◆ **What is expected**
Every record below is to be copied exactly, with its images omitted.

◆ **Data for analysis**
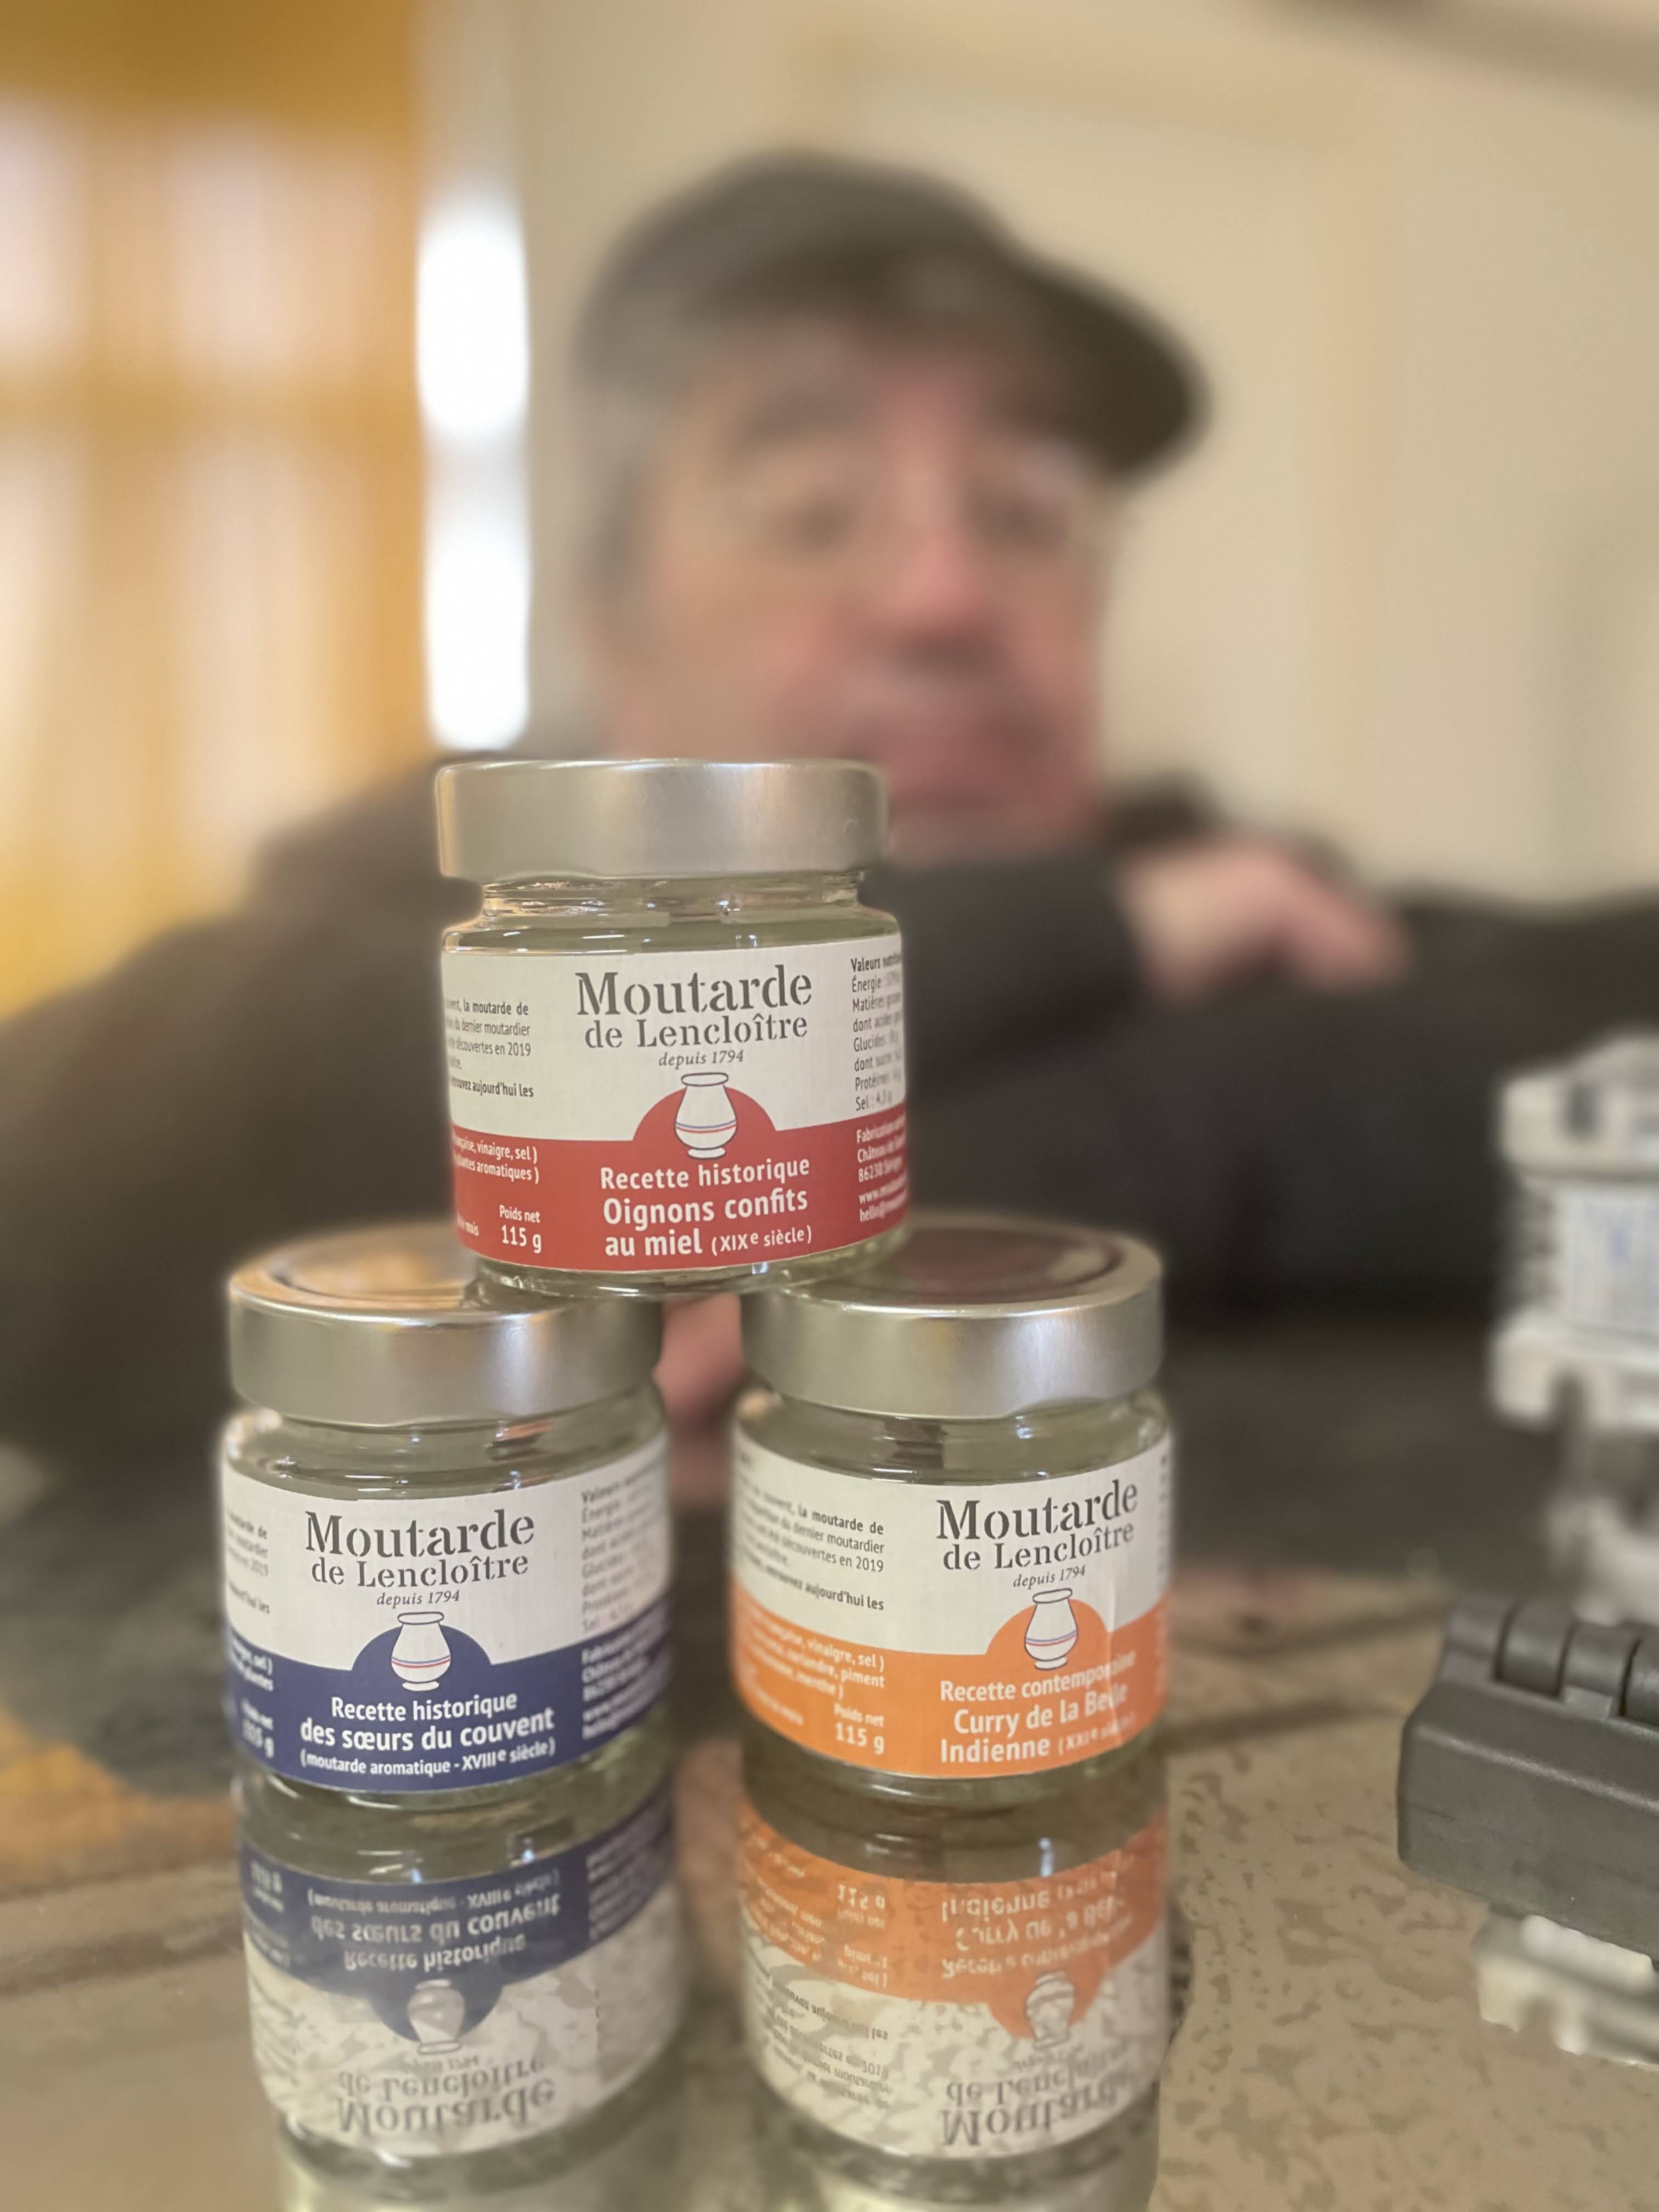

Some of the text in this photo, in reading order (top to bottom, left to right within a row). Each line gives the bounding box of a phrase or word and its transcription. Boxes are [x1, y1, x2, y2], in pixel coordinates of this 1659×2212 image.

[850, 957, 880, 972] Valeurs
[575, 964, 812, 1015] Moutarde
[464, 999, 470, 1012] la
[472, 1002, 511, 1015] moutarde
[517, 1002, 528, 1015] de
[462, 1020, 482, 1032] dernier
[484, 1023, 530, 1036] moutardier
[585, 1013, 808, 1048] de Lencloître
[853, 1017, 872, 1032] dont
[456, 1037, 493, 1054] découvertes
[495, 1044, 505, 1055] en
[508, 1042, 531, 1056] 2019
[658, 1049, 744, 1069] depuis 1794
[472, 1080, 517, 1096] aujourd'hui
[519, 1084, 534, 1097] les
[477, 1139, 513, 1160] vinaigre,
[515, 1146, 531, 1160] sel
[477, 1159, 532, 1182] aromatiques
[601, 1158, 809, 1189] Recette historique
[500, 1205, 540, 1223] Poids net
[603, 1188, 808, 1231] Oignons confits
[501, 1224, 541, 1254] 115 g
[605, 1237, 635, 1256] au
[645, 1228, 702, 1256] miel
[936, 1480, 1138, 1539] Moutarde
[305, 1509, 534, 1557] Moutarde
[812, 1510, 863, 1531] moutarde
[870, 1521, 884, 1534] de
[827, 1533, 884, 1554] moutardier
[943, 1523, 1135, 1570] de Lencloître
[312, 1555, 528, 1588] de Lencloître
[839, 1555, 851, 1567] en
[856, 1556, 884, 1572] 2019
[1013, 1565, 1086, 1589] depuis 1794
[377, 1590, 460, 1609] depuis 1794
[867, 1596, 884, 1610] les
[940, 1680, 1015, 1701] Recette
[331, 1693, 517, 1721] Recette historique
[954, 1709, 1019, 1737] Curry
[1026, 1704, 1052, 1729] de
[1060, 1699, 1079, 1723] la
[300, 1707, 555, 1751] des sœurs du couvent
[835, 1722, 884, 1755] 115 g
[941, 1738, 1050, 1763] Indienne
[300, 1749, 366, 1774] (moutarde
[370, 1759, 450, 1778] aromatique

◆ **Solved exercise**
Some of the text in this photo, in reading order (top to bottom, left to right within a row). Each line gives the bounding box of a phrase or word and its transcription. Boxes are [x1, y1, x2, y2], in pixel coordinates of this 1659×2212 image.

[850, 957, 880, 972] Valeurs
[575, 964, 812, 1015] Moutarde
[464, 999, 470, 1012] la
[472, 1002, 511, 1015] moutarde
[517, 1002, 528, 1015] de
[462, 1020, 482, 1032] dernier
[484, 1023, 530, 1036] moutardier
[585, 1013, 808, 1048] de Lencloître
[853, 1017, 872, 1032] dont
[456, 1037, 493, 1054] découvertes
[495, 1044, 505, 1055] en
[508, 1042, 531, 1056] 2019
[658, 1049, 744, 1069] depuis 1794
[472, 1080, 517, 1096] aujourd'hui
[519, 1084, 534, 1097] les
[477, 1139, 513, 1160] vinaigre,
[515, 1146, 531, 1160] sel
[477, 1159, 532, 1182] aromatiques
[601, 1158, 809, 1189] Recette historique
[500, 1205, 540, 1223] Poids net
[603, 1188, 808, 1231] Oignons confits
[501, 1224, 541, 1254] 115 g
[605, 1237, 635, 1256] au
[645, 1228, 702, 1256] miel
[936, 1480, 1138, 1539] Moutarde
[305, 1509, 534, 1557] Moutarde
[812, 1510, 863, 1531] moutarde
[870, 1521, 884, 1534] de
[827, 1533, 884, 1554] moutardier
[943, 1523, 1135, 1570] de Lencloître
[312, 1555, 528, 1588] de Lencloître
[839, 1555, 851, 1567] en
[856, 1556, 884, 1572] 2019
[1013, 1565, 1086, 1589] depuis 1794
[377, 1590, 460, 1609] depuis 1794
[867, 1596, 884, 1610] les
[940, 1680, 1015, 1701] Recette
[331, 1693, 517, 1721] Recette historique
[954, 1709, 1019, 1737] Curry
[1026, 1704, 1052, 1729] de
[1060, 1699, 1079, 1723] la
[300, 1707, 555, 1751] des sœurs du couvent
[835, 1722, 884, 1755] 115 g
[941, 1738, 1050, 1763] Indienne
[300, 1749, 366, 1774] (moutarde
[370, 1759, 450, 1778] aromatique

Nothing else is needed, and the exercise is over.